Intrathecal anesthesia prevents ventricular arrhythmias in rats with myocardial ischemia/reperfusion

Pharmacology. 2024 Apr 22. doi: 10.1159/000538997. Online ahead of print.

Abstract

Introduction: Ventricular arrhythmia is commonly provoked by acute cardiac ischemia through sympathetic exaggeration and is often resistant to antiarrhythmic therapies. Thoracic epidural anesthesia has been reported to terminate fatal ventricular arrhythmia; however, its underlying mechanism is unknown.

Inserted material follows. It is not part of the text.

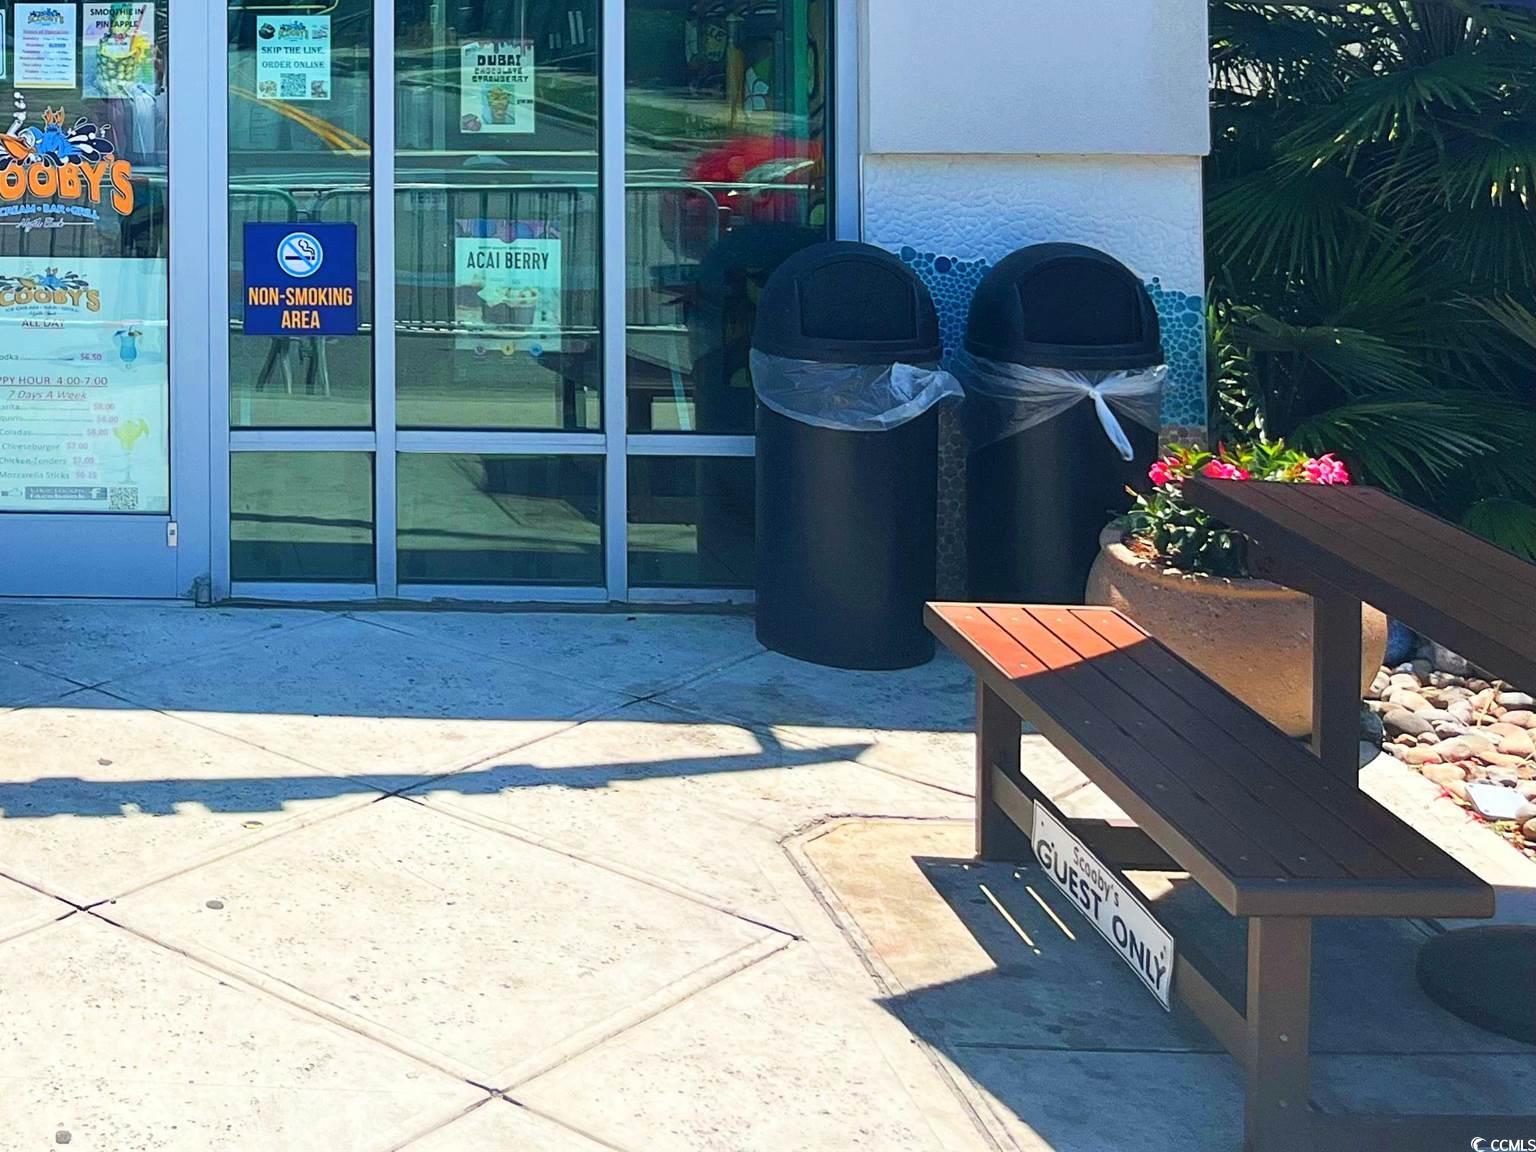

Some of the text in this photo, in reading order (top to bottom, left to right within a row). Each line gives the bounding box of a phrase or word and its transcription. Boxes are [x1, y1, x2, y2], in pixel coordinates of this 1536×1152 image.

Methods: Rats were randomly divided into four groups: sham, sham plus bupivacaine, ischemia/reperfusion (IR), and IR plus bupivacaine groups. Bupivacaine (1 mg/mL, 0.05 mL/100 g body weight) was injected intrathecally into the L5-L6 intervertebral space prior to establishing a myocardial ischemia/reperfusion rat model. Thereafter, cardiac arrhythmia, cardiac function, myocardial injury, and electrical activities of the heart and spinal cord were evaluated.

Results: Intrathecal bupivacaine inhibited spinal neural activity, improved heart rate variability, reduced ventricular arrhythmia score, and ameliorated cardiac dysfunction in IR rats. Furthermore, intrathecal bupivacaine attenuated cardiac injury and myocardial apoptosis and regulated cardiomyocyte autophagy and connexin-43 distribution during myocardial IR.

Conclusion: Our results indicate that intrathecal bupivacaine blunts spinal neural activity to prevent cardiac arrhythmia and dysfunction induced by IR and that this antiarrhythmic activity may be associated with regulation of autonomic balance, myocardial apoptosis and autophagy, and cardiac gap junction function.